Le comportement sexuel varie fort peu suivant les diverses sociétés humaines. Les modes de séduction, de contacts, les parades et les expressions faciales ne présentent que des différences mineures et très extérieures.[réf. nécessaire] L'Europe n'a plus le monopole de la représentation massifiée du comportement amoureux ; pourtant, les deux grandes industries cinématographiques du monde, occidentale et indienne[réf. nécessaire], montrent de manière saisissante le caractère uniforme des représentations collectives de la sexualité dans des cultures différentes, a fortiori sachant que ces deux cinémas ont chacun une aire d'influence qui va bien au-delà de leurs sphères géographiques propres. Les films indiens sont depuis longtemps projetés dans tous les cinémas du Moyen-Orient et du monde arabe, tandis que le cinéma occidental a depuis longtemps fait la conquête du Japon et de la zone d'influence chinoise.[réf. nécessaire]

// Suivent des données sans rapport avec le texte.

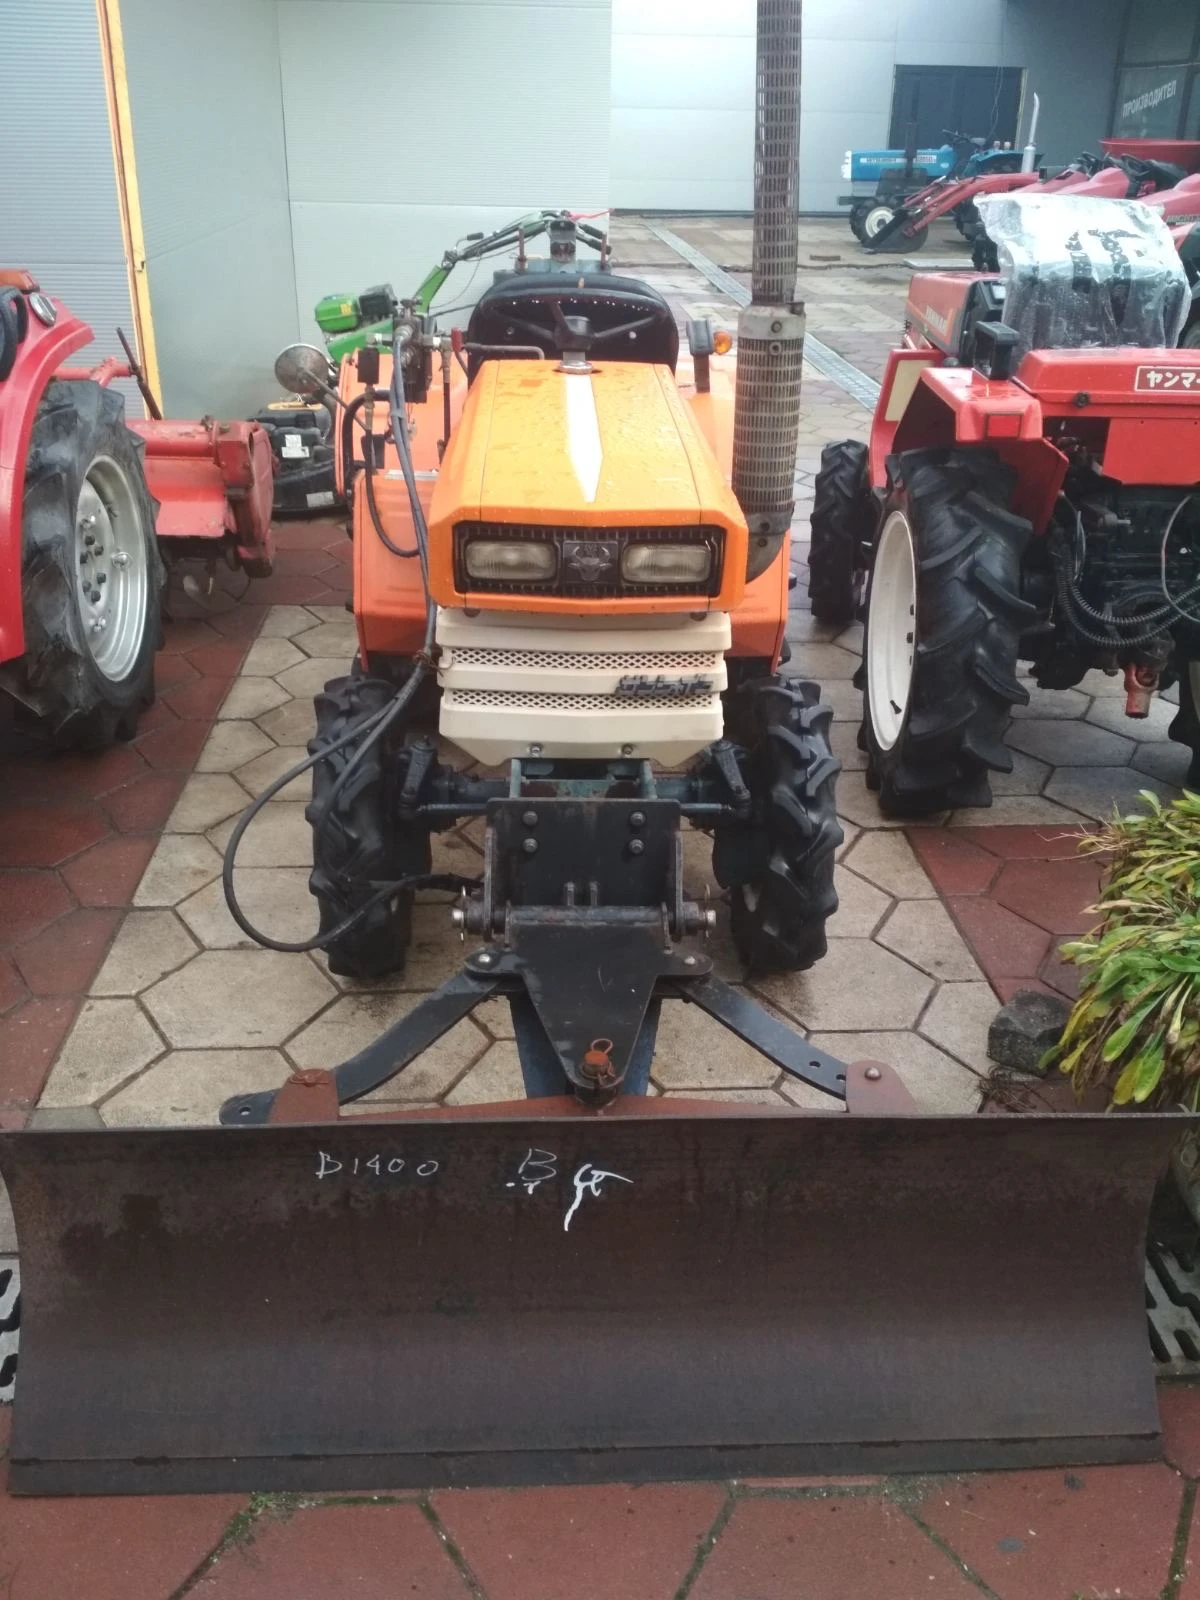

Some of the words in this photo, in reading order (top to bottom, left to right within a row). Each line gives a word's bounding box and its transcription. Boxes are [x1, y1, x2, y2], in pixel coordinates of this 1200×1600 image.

[1122, 79, 1177, 119] ПРОИЗВОДИТЕЛ
[1146, 370, 1200, 388] ヤンマ
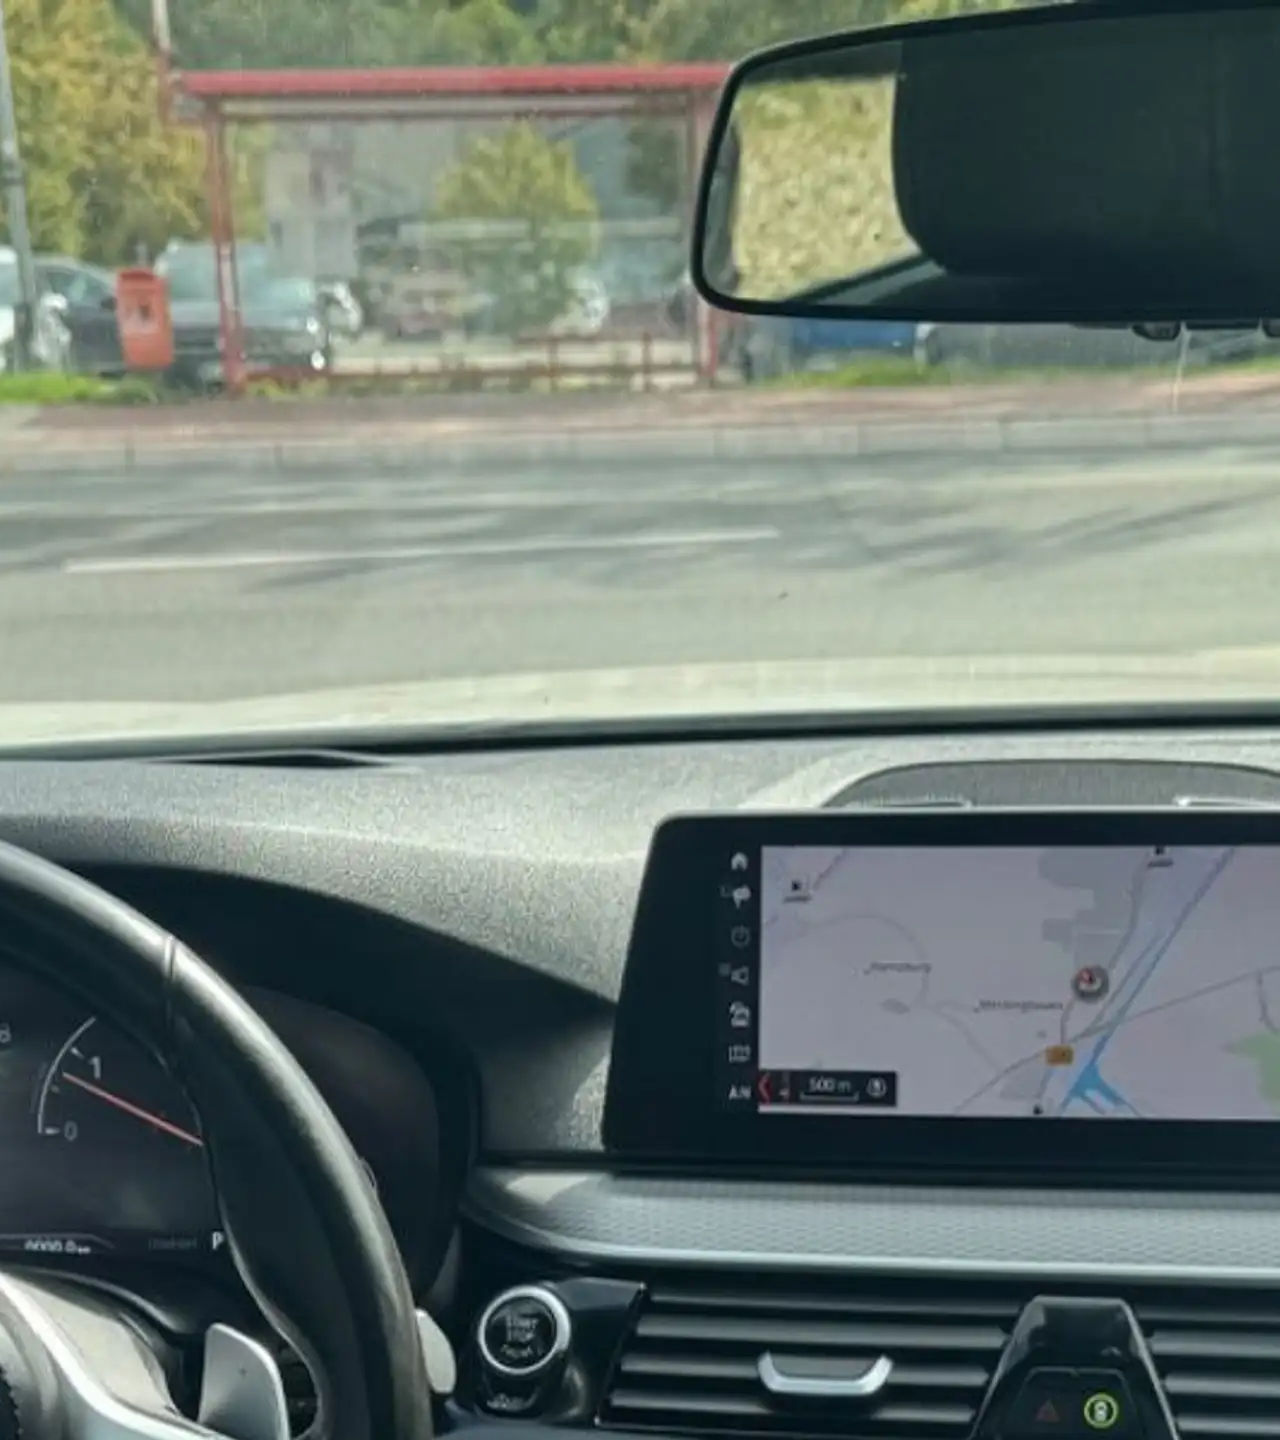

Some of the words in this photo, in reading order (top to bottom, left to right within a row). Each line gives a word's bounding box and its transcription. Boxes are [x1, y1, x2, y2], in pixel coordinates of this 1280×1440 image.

Néanmoins, certains détails comportementaux sont culturellement acquis. Le baiser avec la langue, par exemple, qui semble naturel en Occident, en Chine, dans le monde arabe, en Inde, était probablement inconnu en Afrique subsaharienne avant l'arrivée des Européens[réf. nécessaire]. Dans Ma vie secrète, un anonyme licencieux de l'époque victorienne rapporte qu'il a dû enseigner cette pratique, qui n'allait pas de soi. Il s'agirait donc d'un trait culturel, mineur, mais réel.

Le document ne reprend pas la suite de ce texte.